ASSIGNMENT –
Quote the entries in full, character for character, without their images.

(DATA RECORDS Opens)

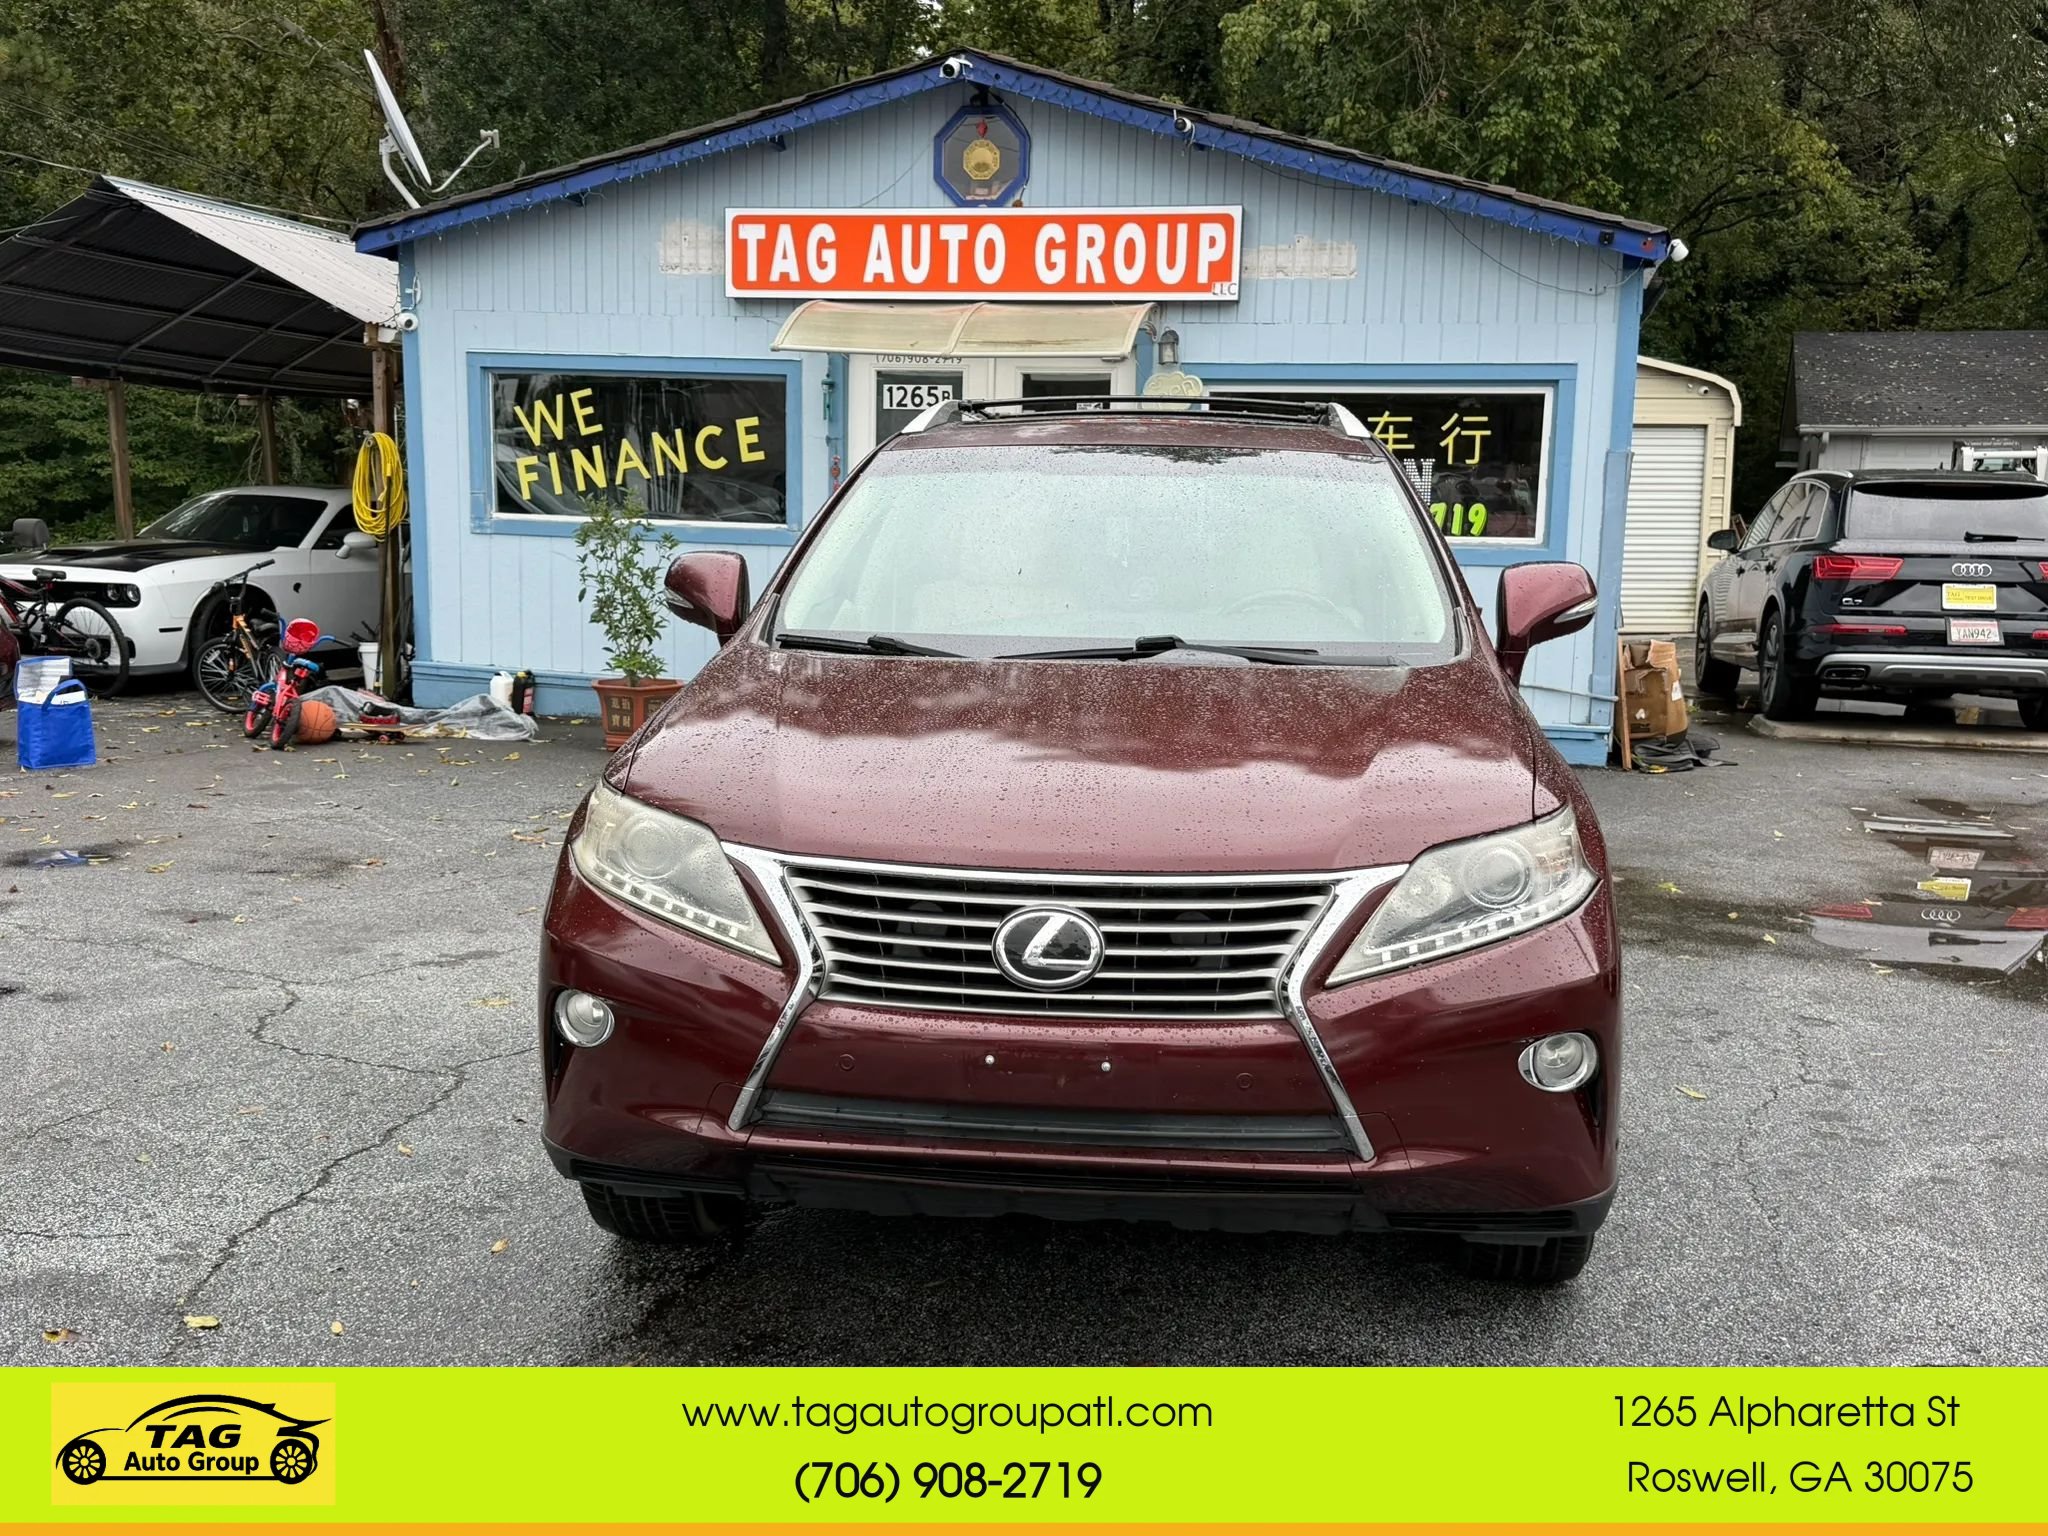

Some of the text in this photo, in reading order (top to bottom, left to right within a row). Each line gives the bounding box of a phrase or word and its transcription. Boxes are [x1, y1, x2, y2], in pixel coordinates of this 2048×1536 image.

[738, 222, 1227, 285] TAG AUTO GROUP
[1212, 282, 1238, 296] LLC
[513, 388, 603, 447] WE
[516, 416, 766, 500] FINANCE

(DATA RECORDS Closes)

OUTPUT OF THE TASK –
Some of the text in this photo, in reading order (top to bottom, left to right within a row). Each line gives the bounding box of a phrase or word and its transcription. Boxes are [x1, y1, x2, y2], in pixel coordinates of this 2048×1536 image.

[738, 222, 1227, 285] TAG AUTO GROUP
[1212, 282, 1238, 296] LLC
[513, 388, 603, 447] WE
[516, 416, 766, 500] FINANCE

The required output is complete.